Employment Retaliation

Retaliation is an act by an employer, either economically tangible or more subtle, in an attempt to have an adverse affect on an employee who has objected to sexual harassment, discrimination, or other illegal activity. Retaliation may also occur where a woman has taken leave under the Family and Medical Leave Act.

One type of retaliation is where the victim can show a tangible adverse employment action including wrongful termination, a pay-cut, or another demonstrable act that caused economic injury or significantly altered the terms and conditions of the employment relationship.

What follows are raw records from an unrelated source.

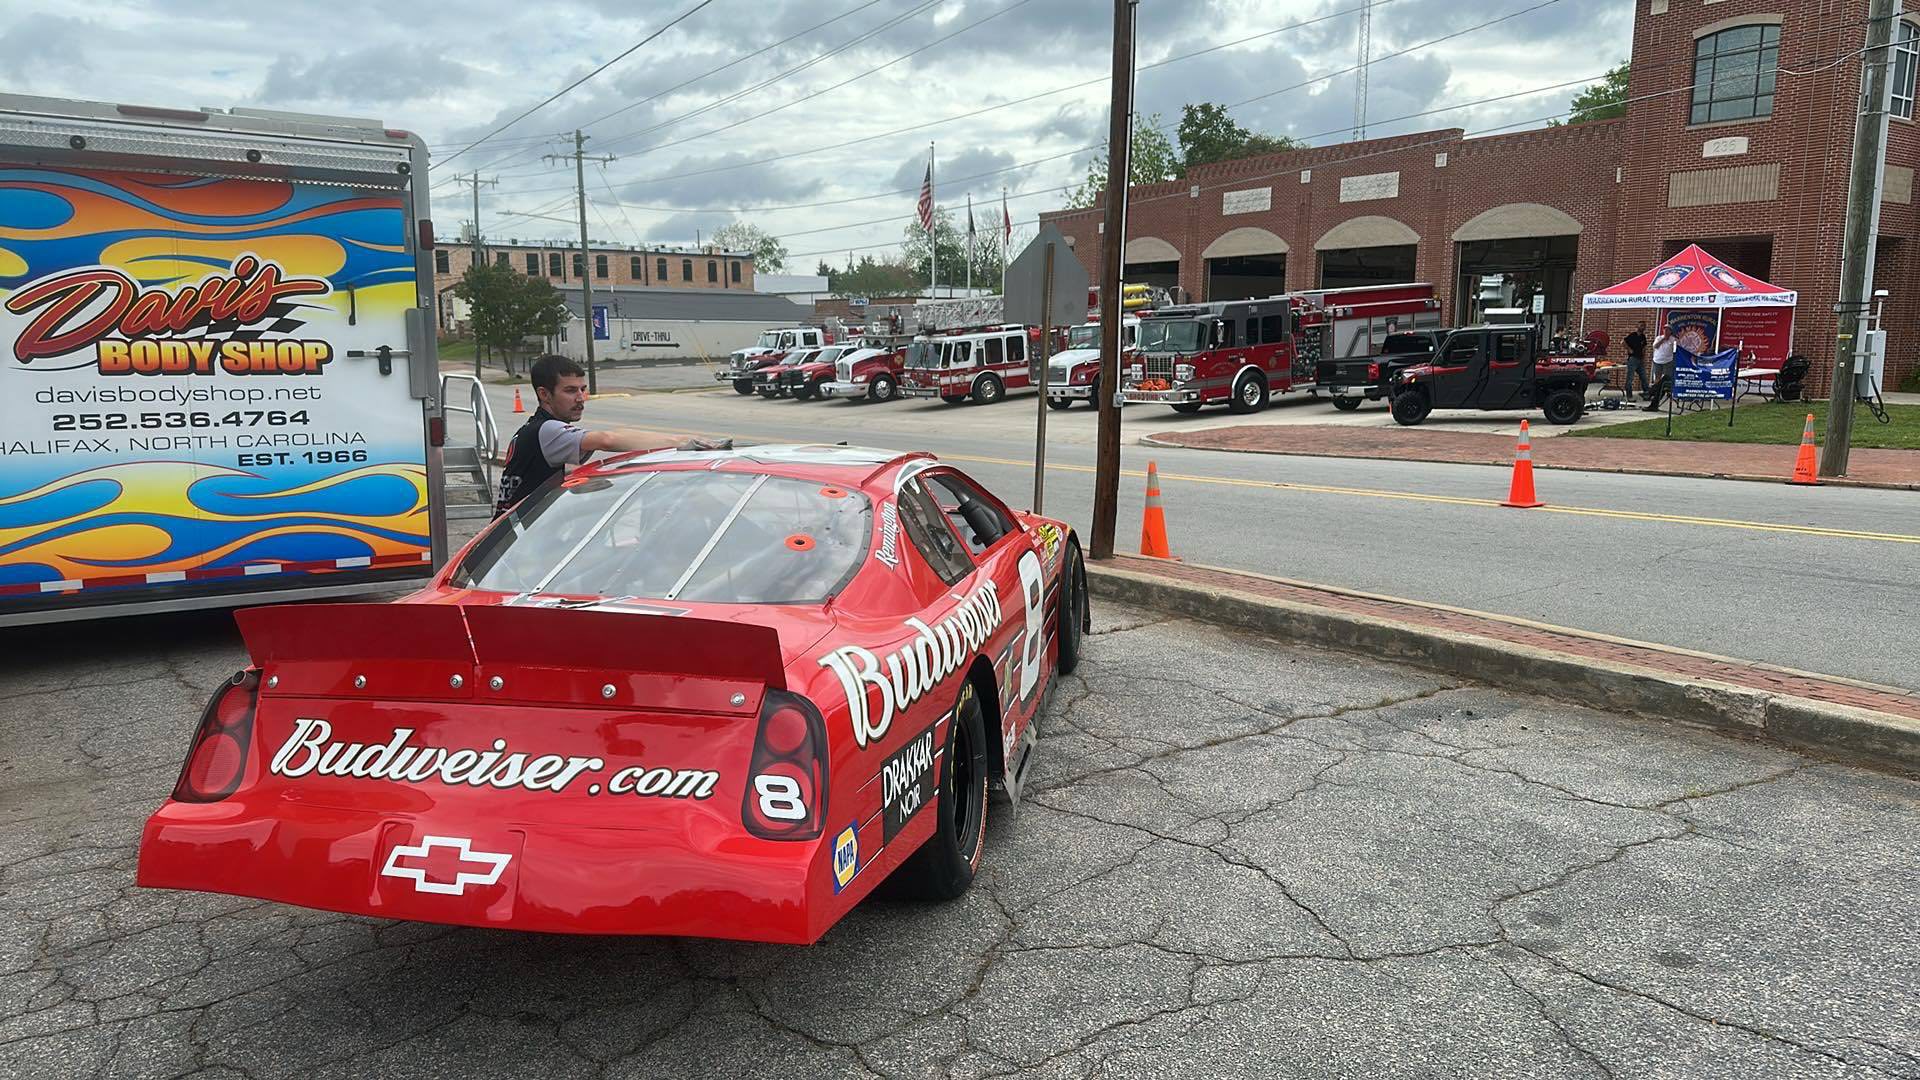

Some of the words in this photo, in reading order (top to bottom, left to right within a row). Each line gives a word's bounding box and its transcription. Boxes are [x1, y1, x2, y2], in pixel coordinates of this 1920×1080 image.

[5, 255, 331, 363] Davis
[1628, 296, 1650, 304] RURAL
[633, 331, 671, 342] DRIVE-THRU
[97, 338, 219, 376] BODY
[220, 338, 334, 376] SHOP
[35, 385, 321, 405] davisbodyshop.net
[53, 410, 310, 432] 252.536.4764
[0, 438, 119, 455] ALIFAX,
[130, 436, 228, 451] NORTH
[236, 431, 367, 448] CAROLINA
[238, 453, 295, 467] EST.
[303, 450, 368, 465] 1966
[874, 501, 900, 570] Remington
[1016, 549, 1045, 702] 8
[817, 579, 1003, 747] Budweiser
[269, 717, 721, 799] Budweiser.com
[882, 731, 934, 808] DRAKKAR
[753, 774, 806, 821] 8
[899, 783, 921, 824] NOIR
[837, 839, 855, 874] NAPA
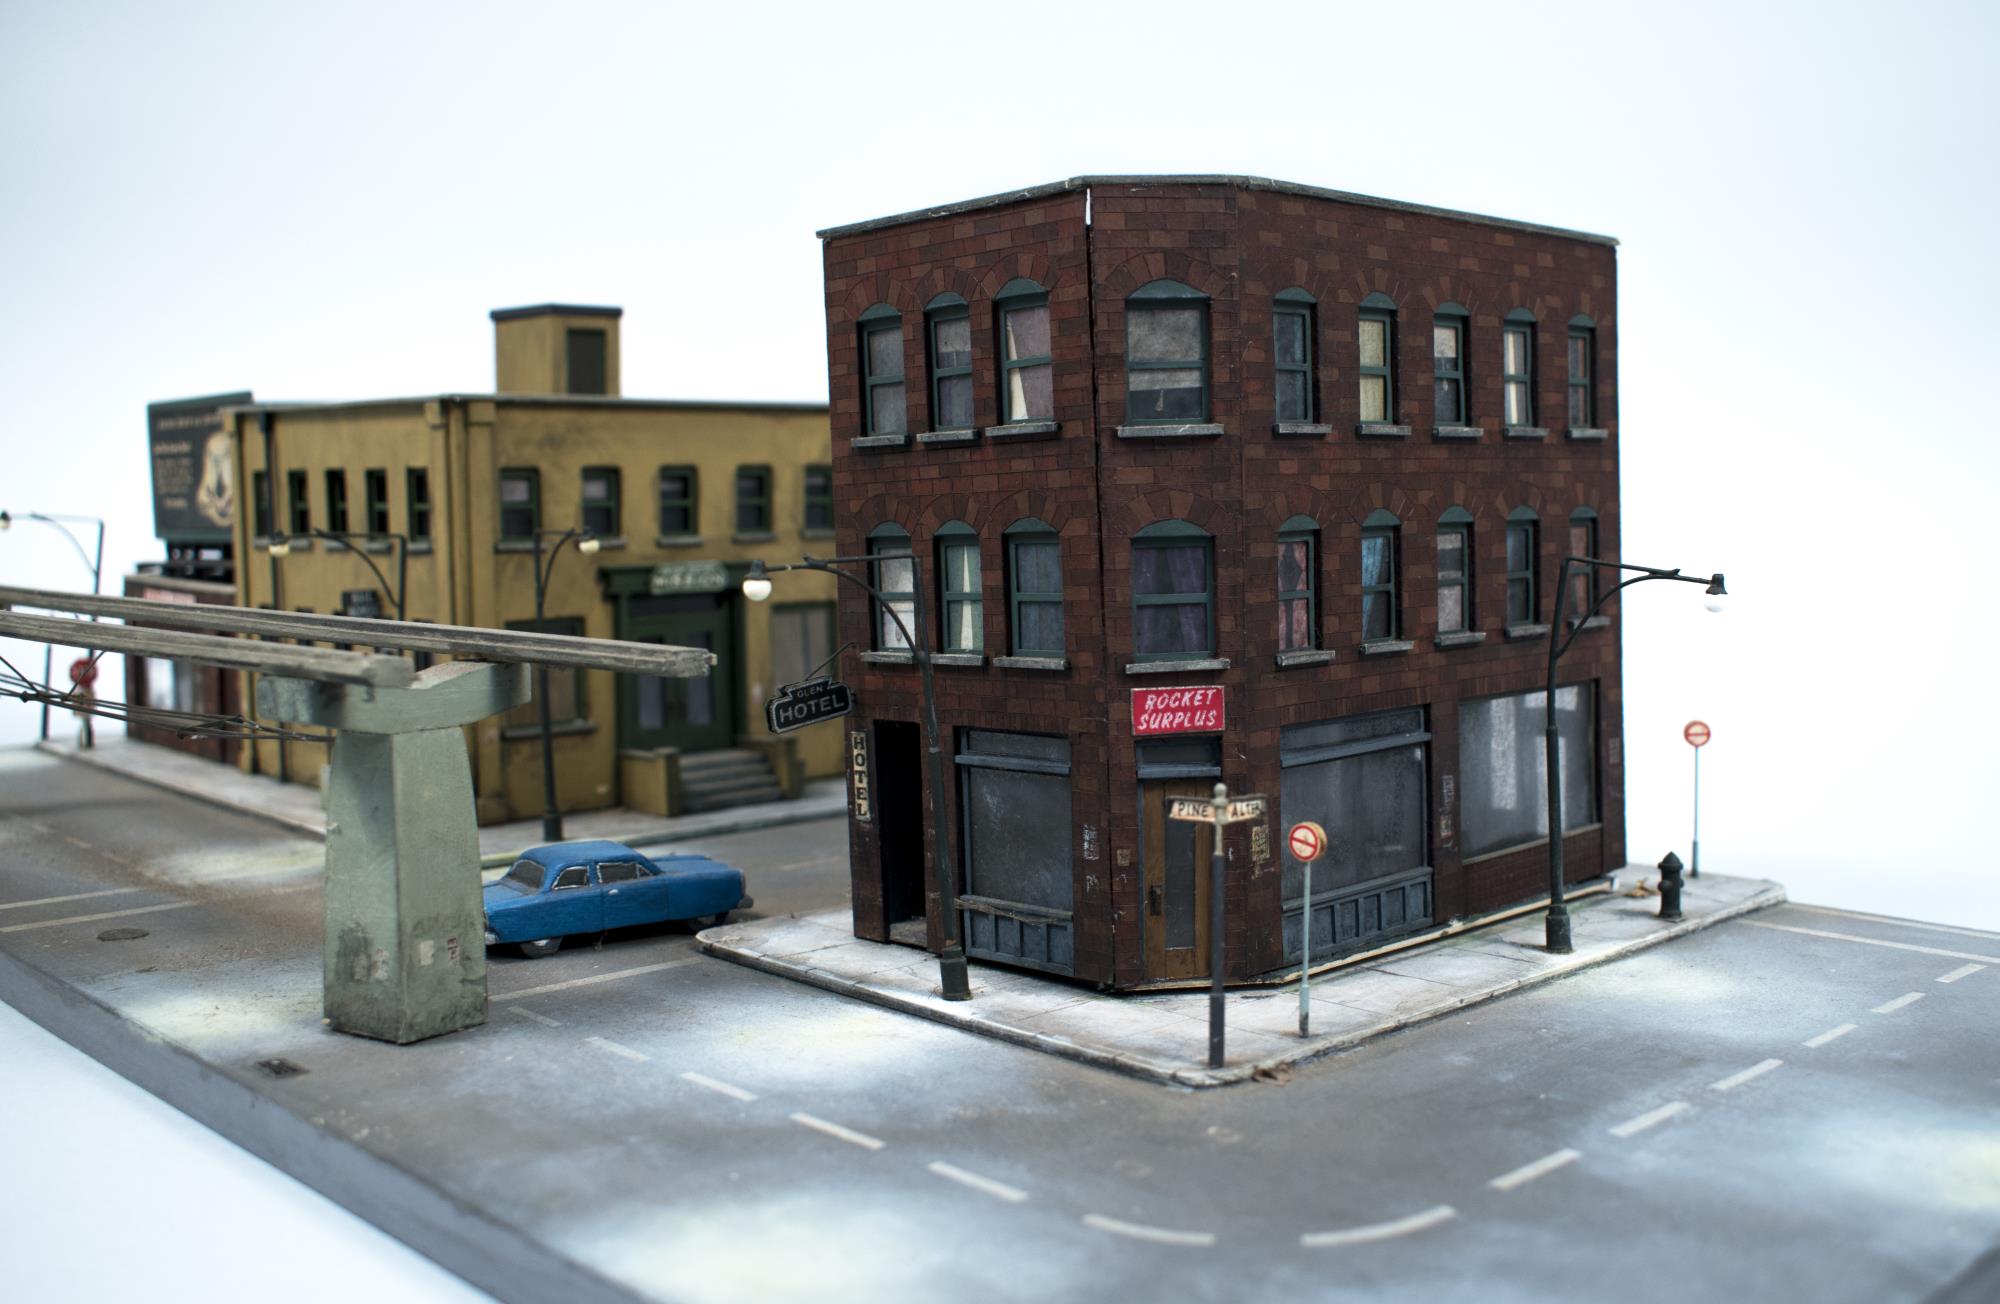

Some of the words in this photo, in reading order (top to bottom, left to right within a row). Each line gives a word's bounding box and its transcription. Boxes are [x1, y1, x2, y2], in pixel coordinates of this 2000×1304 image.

[797, 685, 823, 698] GLEN
[1144, 689, 1217, 711] ROCKET
[779, 695, 844, 723] HOTEL
[1137, 709, 1217, 730] SURPLUS
[853, 736, 868, 817] HOTEL
[1177, 801, 1210, 818] PINE

If you complained about an employer’s illegal actions and were transferred to a different location or you lost certain benefits, you could claim that you suffered from an act of retaliation. Retaliation also includes more subtle acts, such as changes to your work shift. The court will look at the context and the particular circumstances surrounding your claim to determine the effects of an act of retaliation. You may have had child care needs and now a retaliatory shift change prevents you from managing those needs.

Whistleblower Law

Whistleblower law protects certain people who take an affirmative step to object to a practice that violates a law, rule, or regulation. For instance, an individual who objects to sexual harassmentpregnancy discrimination, and other illegal activities would likely be protected by California’s whistleblower laws.

Most employers are savvy enough not to fire a whistleblower outright. Commonly, a worker is suddenly cited for poor performance or insubordination. As the black marks accumulate in the personnel file, the employee may be passed over for raises and promotions, demoted or transferred, and eventually fired.